Sampa: From Birth to Death

[If you don’t have time for the long version read the short version]

Sampa was first conceived on my mind around 2001. The story is one of those “personal pains” kind of story. I’ve been building websites for family and friends since 1996. Every time I built a new website I’ve got annoyed by how much pattern there was on building a website, yet I had to start each one from scratch every time. My mother has a PR company in Brazil. I’ve built her first website in 97, a new one in 2001 and a new one in 2003. Between 2001 and 2003 I’ve spent quite a bit of time looking at PR companies websites. They are all the same, except by the copy, logo and colors, they all contain fundamental website elements: An about page, a contact page, a list of clients, case-studies, a news page, press releases, etc. So I thought it would be an interesting business if I could automate the process of building a PR companies’ websites. Then I realized there wasn’t enough PR companies in the world to make this an interesting business opportunity.
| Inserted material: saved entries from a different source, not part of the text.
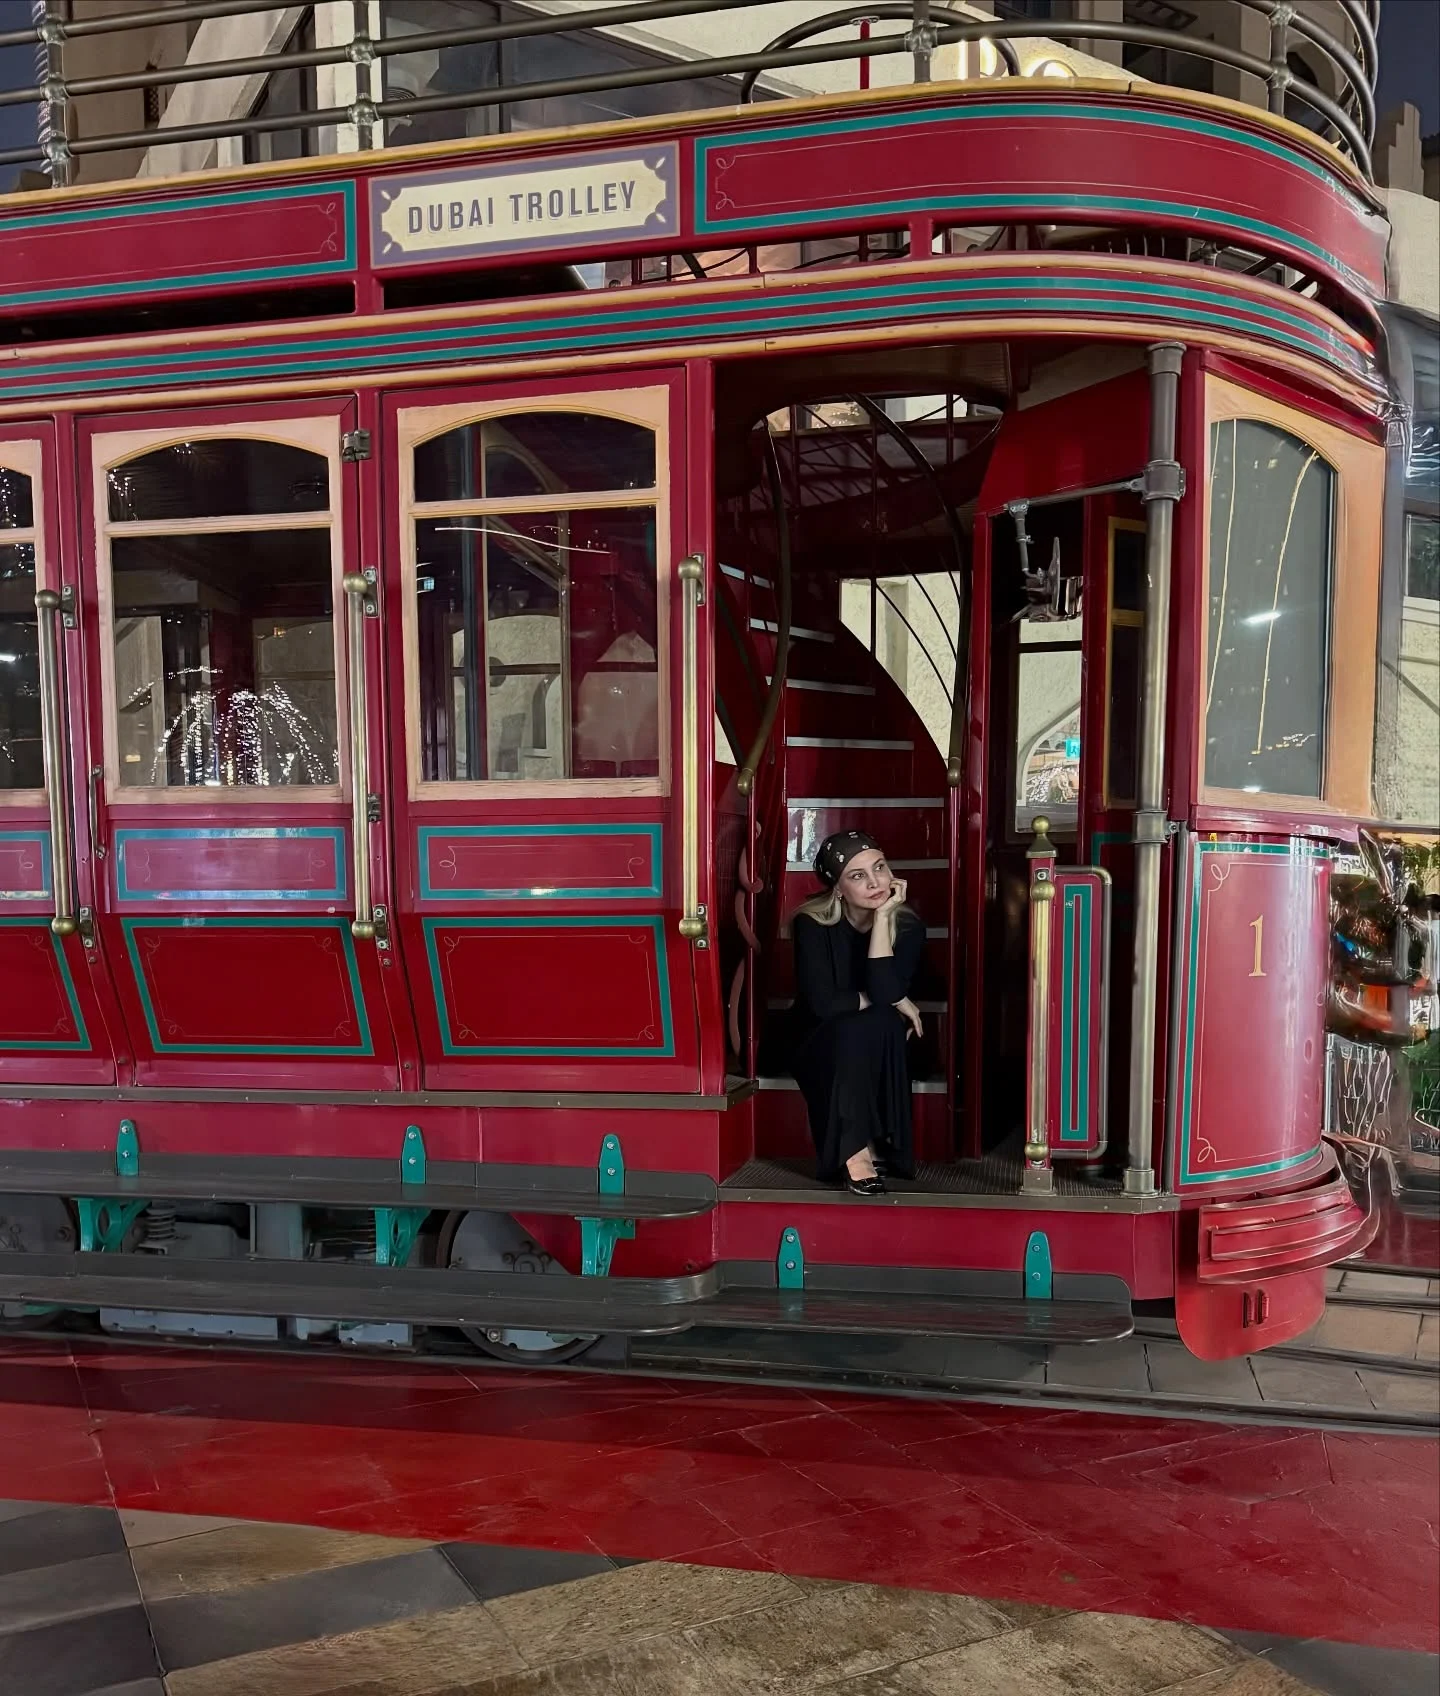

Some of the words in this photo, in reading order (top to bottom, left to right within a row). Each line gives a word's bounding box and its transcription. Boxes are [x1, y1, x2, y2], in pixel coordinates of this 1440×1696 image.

[407, 196, 494, 234] DUBAI
[509, 180, 637, 223] TROLLEY
[1248, 915, 1267, 977] 1
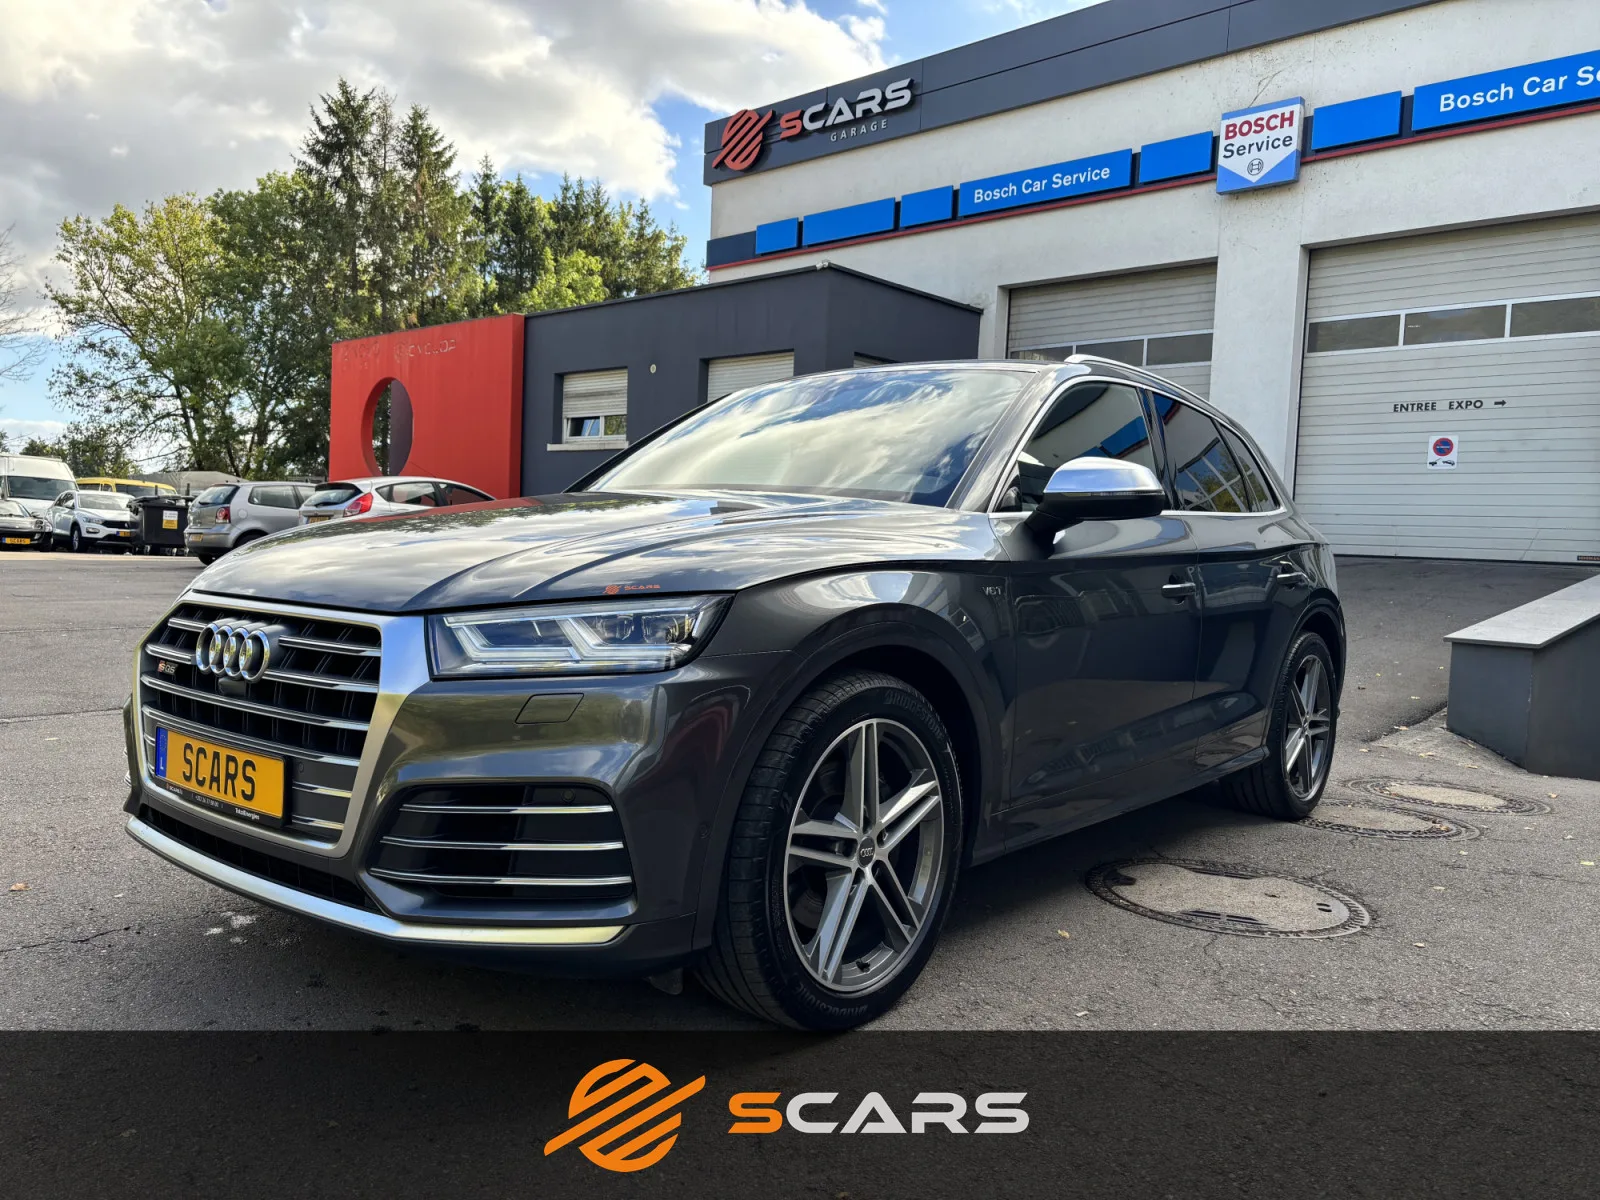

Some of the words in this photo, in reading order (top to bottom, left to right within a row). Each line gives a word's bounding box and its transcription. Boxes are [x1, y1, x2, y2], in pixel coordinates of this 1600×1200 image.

[779, 77, 912, 139] SCARS
[1439, 83, 1514, 113] Bosch
[1523, 75, 1568, 96] Car
[830, 119, 888, 142] GARAGE
[1224, 110, 1294, 141] BOSCH
[1222, 135, 1293, 159] Service
[974, 183, 1017, 204] Bosch
[1022, 179, 1047, 194] Car
[1051, 167, 1111, 188] Service
[1393, 402, 1437, 413] ENTREE
[1448, 400, 1484, 410] EXPO
[182, 742, 257, 802] SCARS
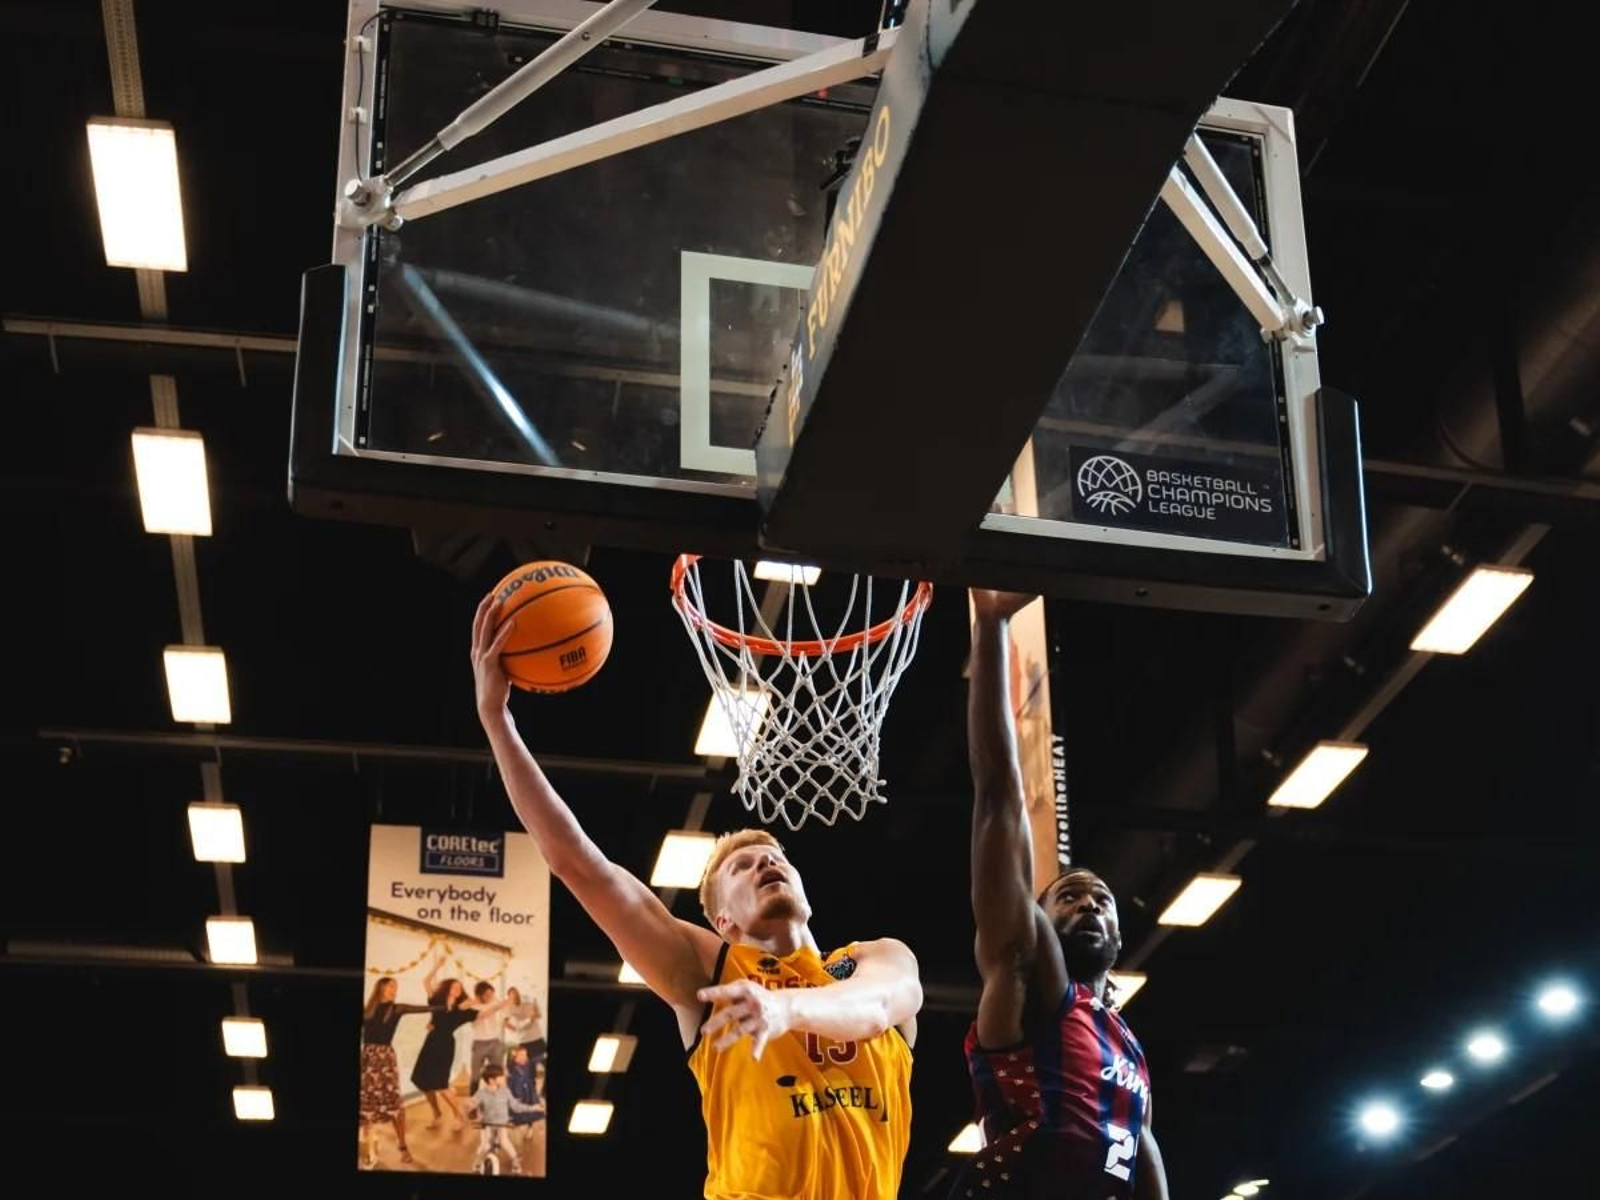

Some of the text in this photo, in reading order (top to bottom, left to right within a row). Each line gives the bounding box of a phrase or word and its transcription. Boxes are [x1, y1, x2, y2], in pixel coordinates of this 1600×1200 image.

[807, 105, 890, 361] FURNIBO
[1146, 469, 1258, 495] BASKETBALL
[1147, 484, 1273, 513] CHAMPIONS
[1148, 500, 1217, 520] LEAGUE
[559, 645, 587, 667] FIBA
[426, 834, 499, 854] COREtec
[440, 855, 485, 868] FLOORS
[391, 881, 497, 906] Everybody
[417, 905, 534, 925] on the floor
[1104, 1123, 1135, 1182] 2
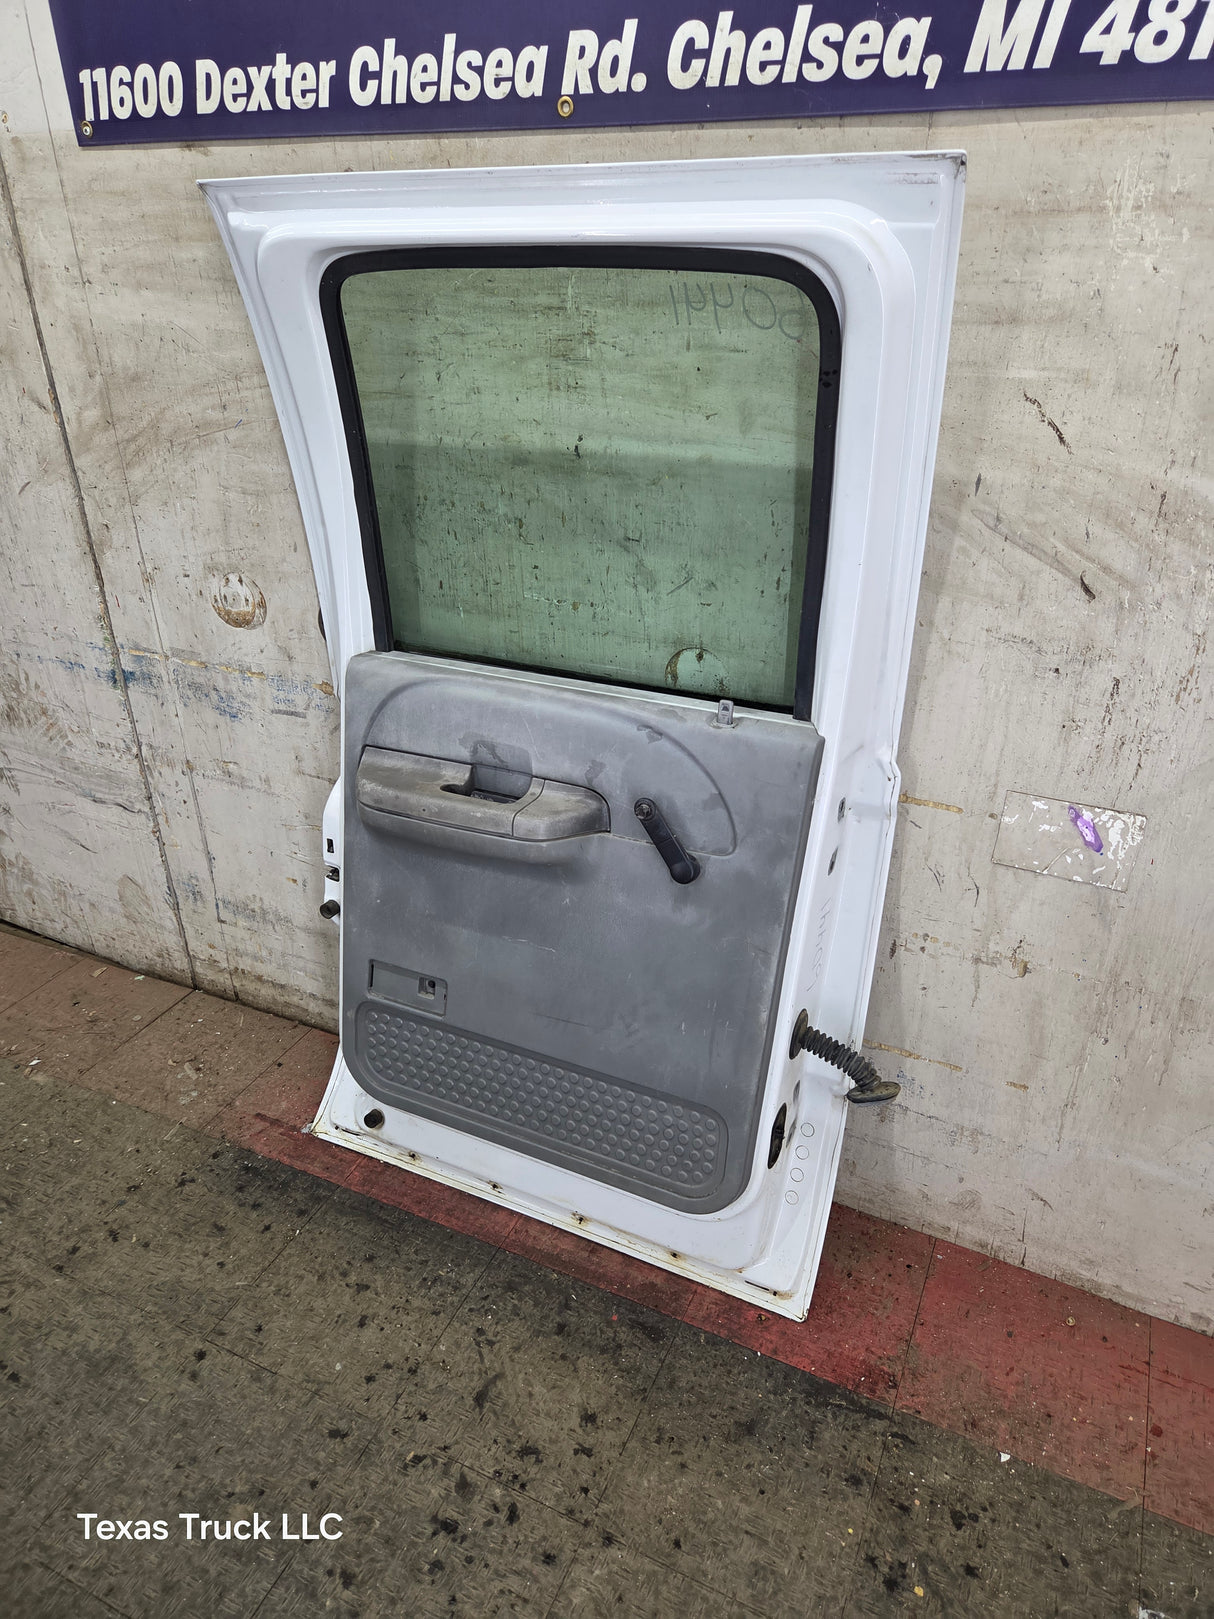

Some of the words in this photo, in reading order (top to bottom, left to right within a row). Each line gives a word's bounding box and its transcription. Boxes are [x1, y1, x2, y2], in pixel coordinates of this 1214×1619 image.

[79, 61, 183, 122] 11600
[195, 53, 336, 115] Dexter
[349, 33, 548, 106] Chelsea
[561, 19, 646, 95] Rd.
[667, 5, 942, 89] Chelsea,
[964, 0, 1071, 73] MI
Between 2001 and 2003 the idea of a “PR Company Site Builder” sat on the back of my head while I tried to figure out how can I make this an a larger business concept. By early 2003 I realized that like PR companies, each industry had their own website pattern (yes, it took 2 years for me to realize that, but I had a more than full-time job at Microsoft). Not only industries, but personal websites, family websites and group websites, also had patterns. So I started looking into Churches, Dentists, PTAs, Homeowner Associations, and pretty much everything that wasn’t about selling something on the Internet. After writing a super-crappy business plan and code-named it “Sampa” (the nickname of the city I was born) I went selling the idea. Of all places, I started selling this idea inside Microsoft in mid-2003. I spent a 1 year trying to convince a half-dozen VPs/GMs to take on this project without success. The feedback was always the same “it’s a great idea and building websites is broken today, but we only do [package-software/client-software/biz-service/consumer-web] on my division”. At the same time I was working on MSN Search (now Bing). In early 2002 I had become the Dev Manager of MSN Search on a very small team. Once Gates, Ballmer & Co. realized search was worth something they invested heavily in bringing more people.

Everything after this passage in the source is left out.